Sean Baker über sein Vorbild: "Pedro Almodóvar ist ein Gigant"
Kurioserweise läuft parallel im deutschen, wie auch im US-Kino gerade Pedro Almodóvars englischsprachiges Debüt "The Room Next Door", das diesen Herbst den Goldenen Löwen beim Filmfest Venedig gewonnen hat. Almodóvar war stets ein Vorbild für Baker, der die Filme des 75-jährigen Spaniers während seines Studiums an der New York Universität of Film kennengelernt hat. "In den frühen 90er-Jahren hat er bereits Themen sehr offen behandelt, die ich nur bei ihm gesehen habe. Er hat damals viele Themen gezeigt, um die es auch in meinen Filmen geht: Sexarbeit, der Fokus auf bestimmte LGTB-Gruppen, Drogenkonsum. Er hat vieles davon mit seinem mutigen Erzählen fürs Kino normalisiert.

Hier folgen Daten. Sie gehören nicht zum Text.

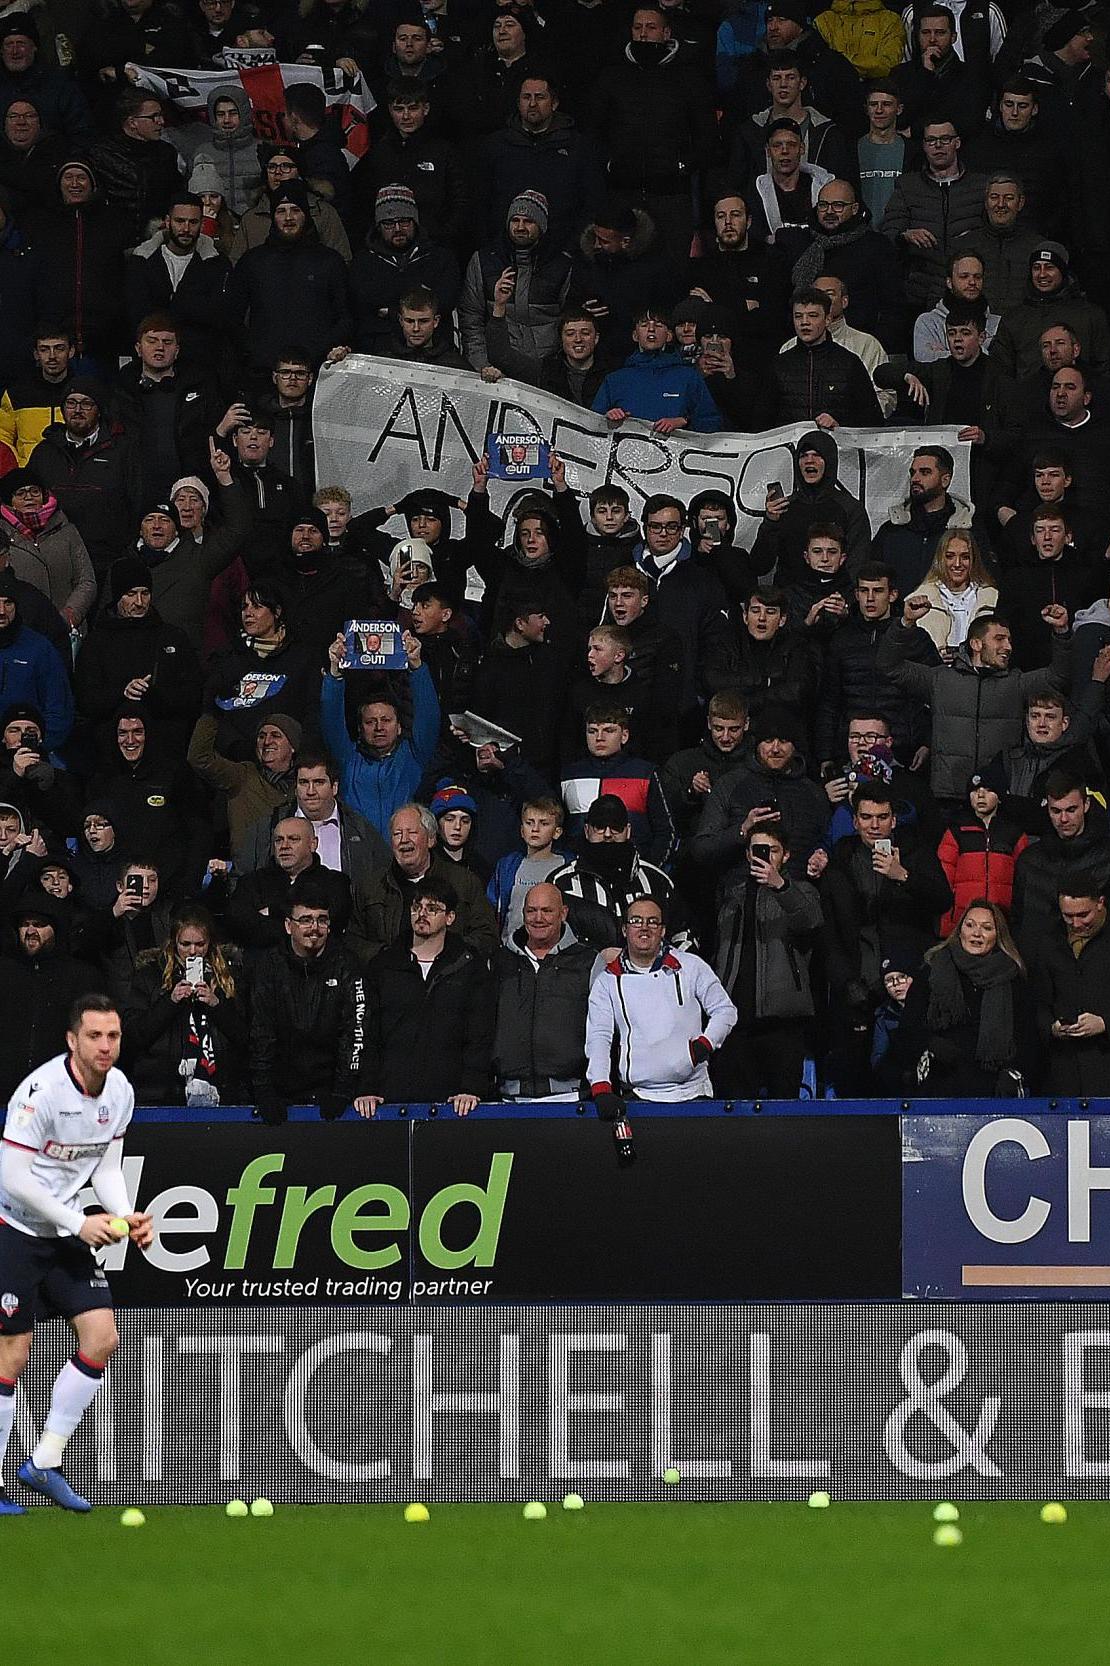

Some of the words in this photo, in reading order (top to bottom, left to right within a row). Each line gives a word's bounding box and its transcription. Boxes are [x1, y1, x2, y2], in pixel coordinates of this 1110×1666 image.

[348, 621, 400, 633] ANDERSON
[243, 674, 280, 682] DERSON
[355, 978, 365, 1002] THE
[185, 1278, 236, 1299] Your
[242, 1279, 318, 1297] trusted
[326, 1277, 402, 1300] trading
[410, 1280, 493, 1300] partner
[884, 1328, 1003, 1481] &

Ich halte ihn für einen Giganten, der großen Einfluss auf mein Kino hat. Er weiß, wie sehr ich ihn bewundere, das ist ihm schon zu Ohren gekommen. Wir haben uns aber noch nie getroffen", erzählt er lachend.
"Anora" dürfte nun allein wegen der eindrucksvollen Leistung der großen Entdeckung Mickey Madison als Hauptdarstellerin im Gespräch für die großen Oscar-Kategorien sein. Die Goldene Palme beeinflusse die Karriere aller Beteiligten am Film, sagt Baker über die Bedeutung der Auszeichnung. "Die Leute fragen mich nun, ob ich doch im Studio drehen werde. Das Gegenteil ist der Fall. Ich kann mit größerer Sicherheit da weiterarbeiten, wozu ich Lust habe. Das bedeutet mir alles."
Es sei sowieso schwierig, unabhängig finanzierte Filme zu drehen - besonders mit seinen Themen und seiner fehlenden Bereitschaft, Stars für die Rollen zu besetzen. "Ich habe nichts gegen die. Wenn ein Star für meinen Film passt, werde ich gern mit ihm zusammenarbeiten. Am wichtigsten ist aber, wer für mich ganz persönlich zur Rolle passt. Das kann also Leonardo DiCaprio sein - oder mein Nachbar." Das beeinflusse natürlich die Vermarktbarkeit des Filmes - aber da geht Sean Baker keine Kompromisse ein. Auch nicht in Zukunft.